-- What you should do --
Omit every image, and transcribe the remaining entries exactly as given.

···

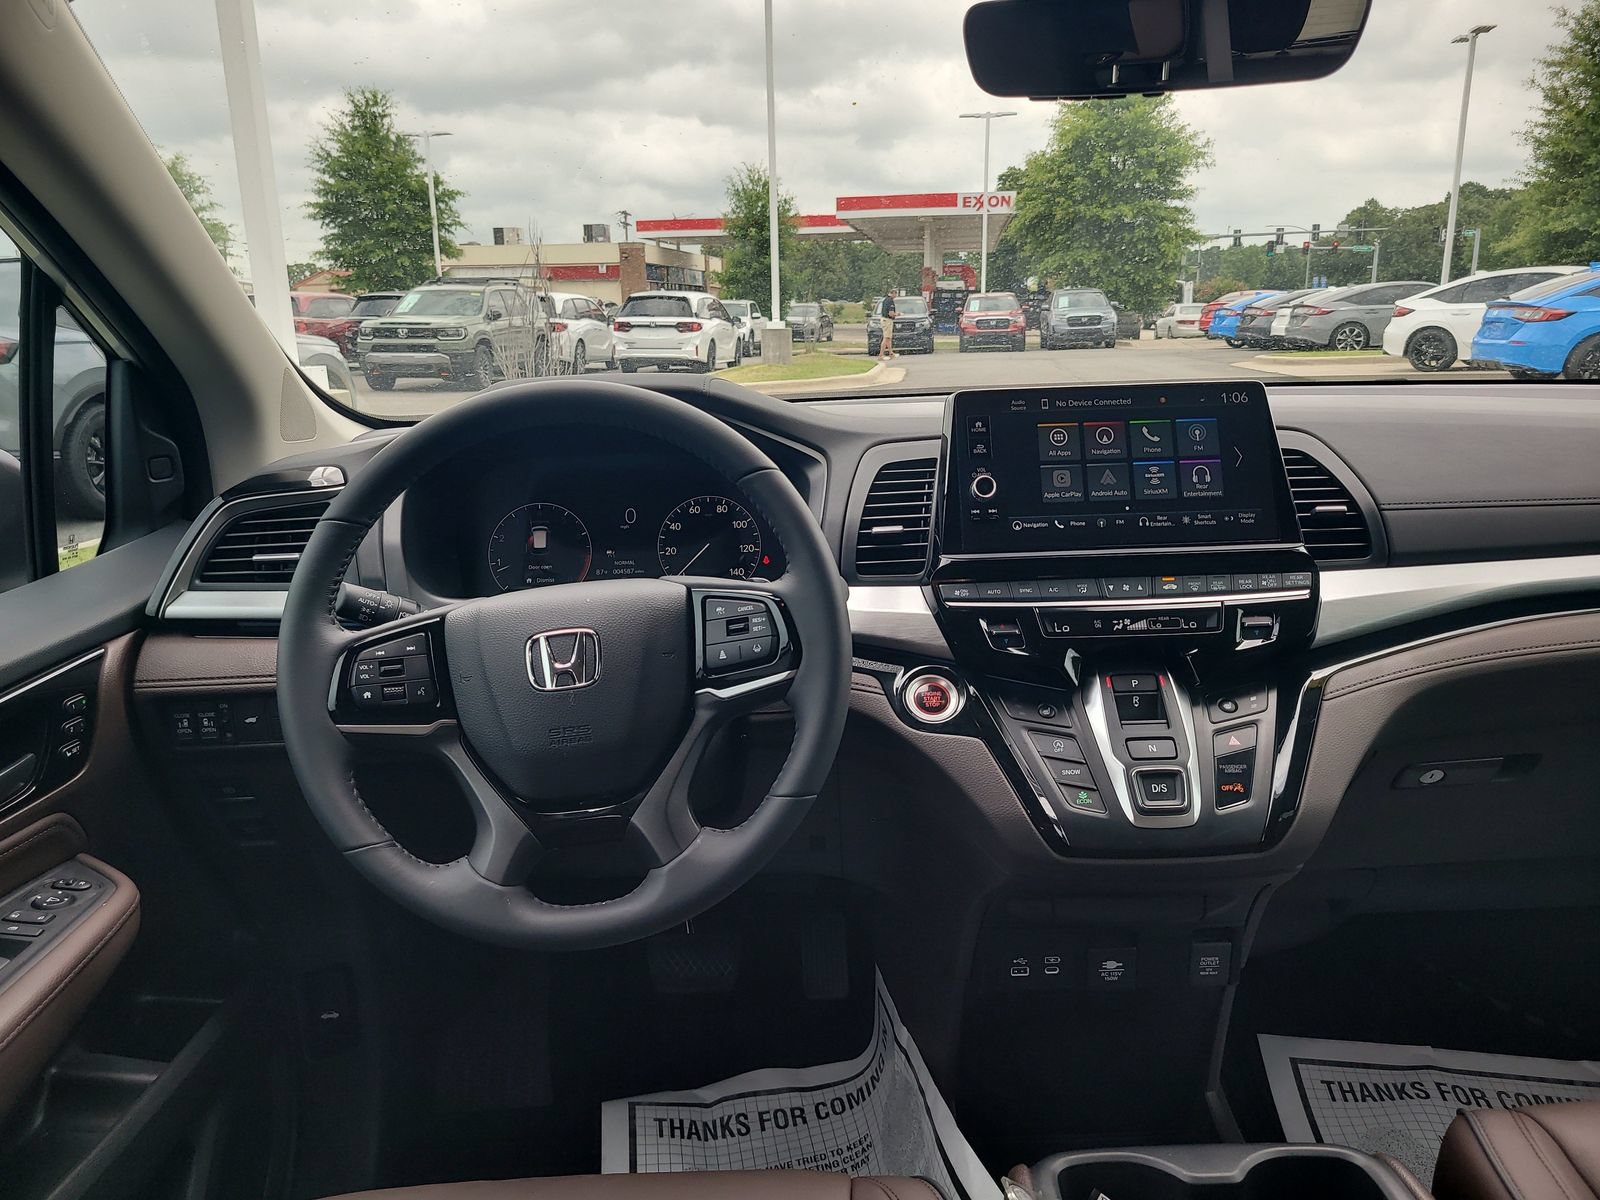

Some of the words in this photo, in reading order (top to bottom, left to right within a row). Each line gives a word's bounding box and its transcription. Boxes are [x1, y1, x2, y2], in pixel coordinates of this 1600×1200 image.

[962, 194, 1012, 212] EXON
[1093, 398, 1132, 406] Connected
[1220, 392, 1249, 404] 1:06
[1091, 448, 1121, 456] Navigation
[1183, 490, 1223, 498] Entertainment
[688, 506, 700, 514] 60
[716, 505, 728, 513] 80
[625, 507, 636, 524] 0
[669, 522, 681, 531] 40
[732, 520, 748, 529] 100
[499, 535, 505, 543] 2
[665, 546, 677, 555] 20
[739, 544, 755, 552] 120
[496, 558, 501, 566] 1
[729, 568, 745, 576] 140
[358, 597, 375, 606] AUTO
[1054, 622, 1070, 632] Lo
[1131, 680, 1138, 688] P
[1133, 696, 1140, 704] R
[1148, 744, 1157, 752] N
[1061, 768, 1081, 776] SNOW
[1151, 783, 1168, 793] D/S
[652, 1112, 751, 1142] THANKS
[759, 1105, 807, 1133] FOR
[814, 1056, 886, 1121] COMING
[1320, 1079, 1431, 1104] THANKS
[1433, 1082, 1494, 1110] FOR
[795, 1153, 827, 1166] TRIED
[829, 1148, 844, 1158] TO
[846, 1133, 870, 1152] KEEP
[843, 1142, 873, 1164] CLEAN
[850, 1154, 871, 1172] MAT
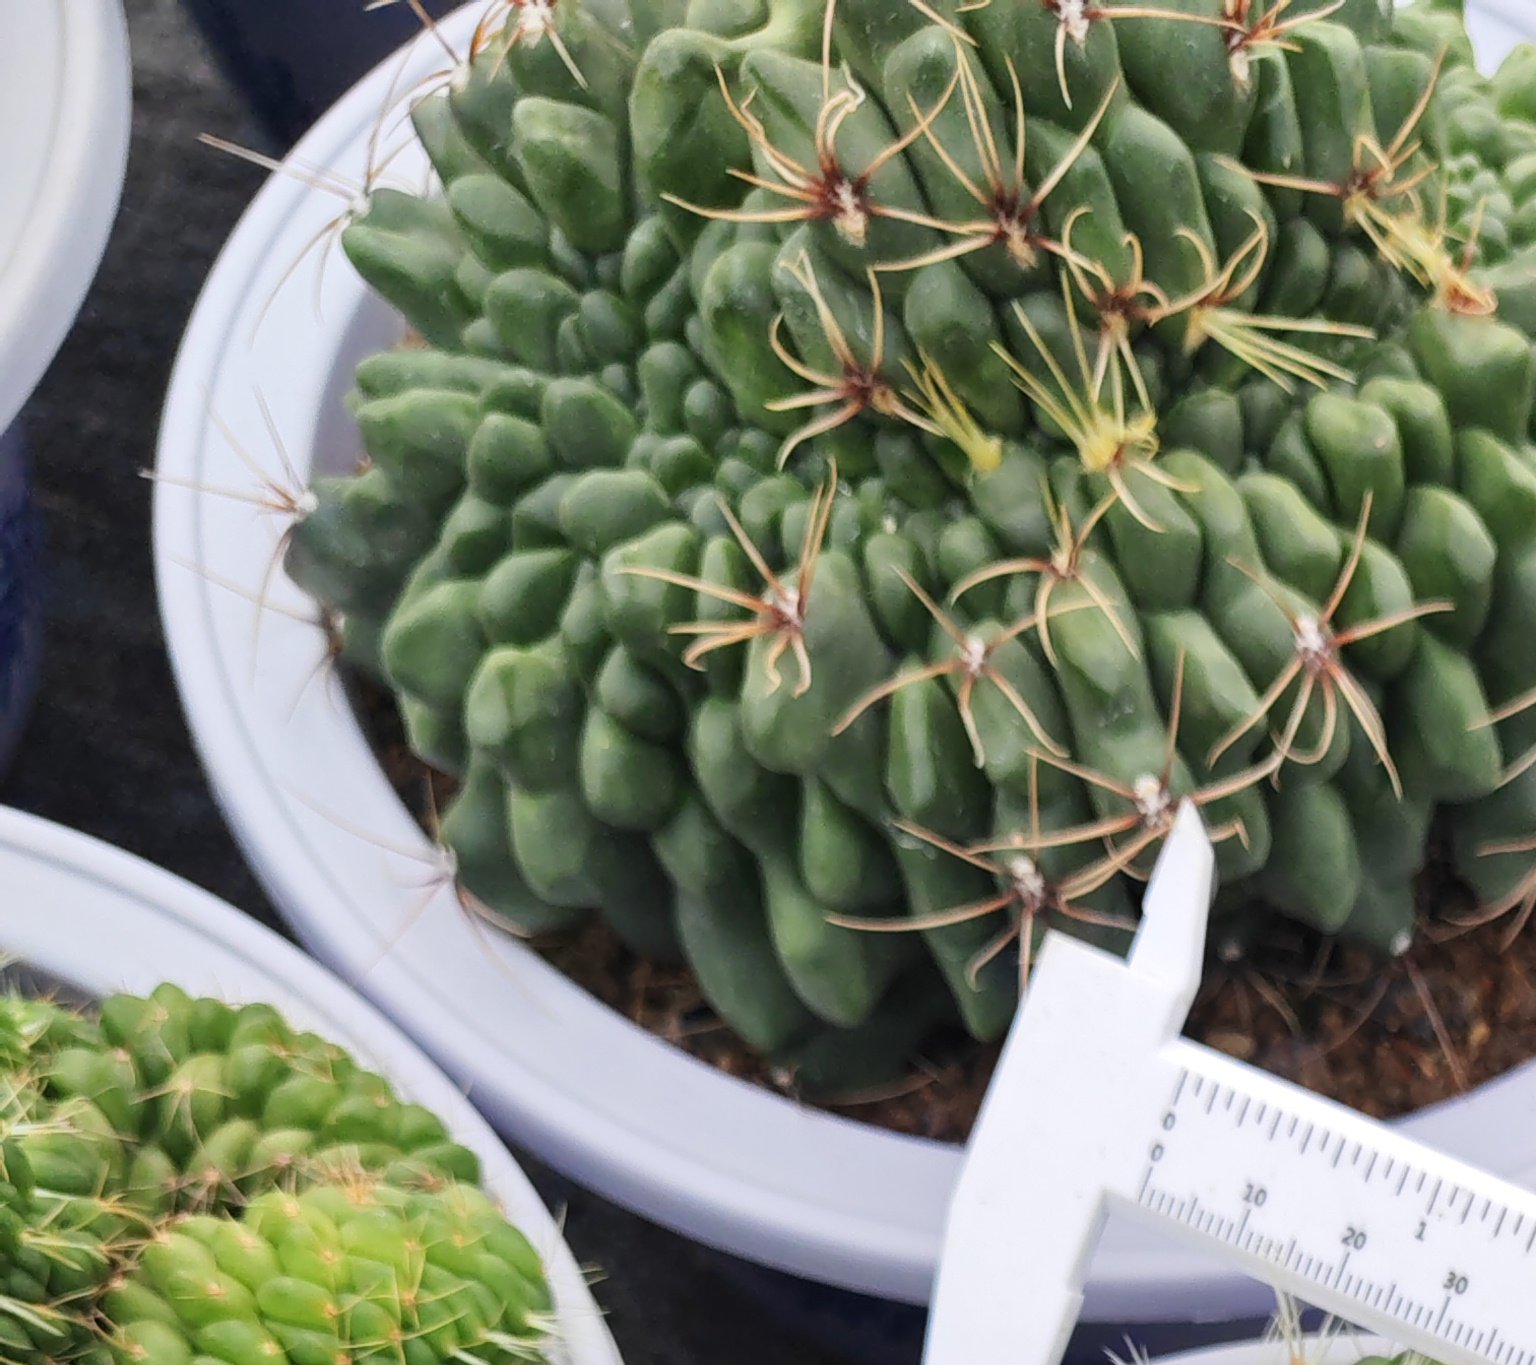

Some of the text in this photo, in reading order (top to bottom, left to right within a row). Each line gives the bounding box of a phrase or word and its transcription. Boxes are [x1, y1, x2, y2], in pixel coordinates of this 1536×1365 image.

···

-- The answer --
Some of the words in this photo, in reading order (top to bottom, left to right within a row). Each line gives a word's bounding box and its transcription. Boxes are [x1, y1, x2, y2], in pixel coordinates of this 1600×1200 image.

[962, 194, 1012, 212] EXON
[1093, 398, 1132, 406] Connected
[1220, 392, 1249, 404] 1:06
[1091, 448, 1121, 456] Navigation
[1183, 490, 1223, 498] Entertainment
[688, 506, 700, 514] 60
[716, 505, 728, 513] 80
[625, 507, 636, 524] 0
[669, 522, 681, 531] 40
[732, 520, 748, 529] 100
[499, 535, 505, 543] 2
[665, 546, 677, 555] 20
[739, 544, 755, 552] 120
[496, 558, 501, 566] 1
[729, 568, 745, 576] 140
[358, 597, 375, 606] AUTO
[1054, 622, 1070, 632] Lo
[1131, 680, 1138, 688] P
[1133, 696, 1140, 704] R
[1148, 744, 1157, 752] N
[1061, 768, 1081, 776] SNOW
[1151, 783, 1168, 793] D/S
[652, 1112, 751, 1142] THANKS
[759, 1105, 807, 1133] FOR
[814, 1056, 886, 1121] COMING
[1320, 1079, 1431, 1104] THANKS
[1433, 1082, 1494, 1110] FOR
[795, 1153, 827, 1166] TRIED
[829, 1148, 844, 1158] TO
[846, 1133, 870, 1152] KEEP
[843, 1142, 873, 1164] CLEAN
[850, 1154, 871, 1172] MAT

Some of the text in this photo, in reading order (top to bottom, left to right within a row). Each line gives the bounding box of a phrase or word and its transcription. Boxes are [x1, y1, x2, y2], in pixel coordinates of this 1536×1365 image.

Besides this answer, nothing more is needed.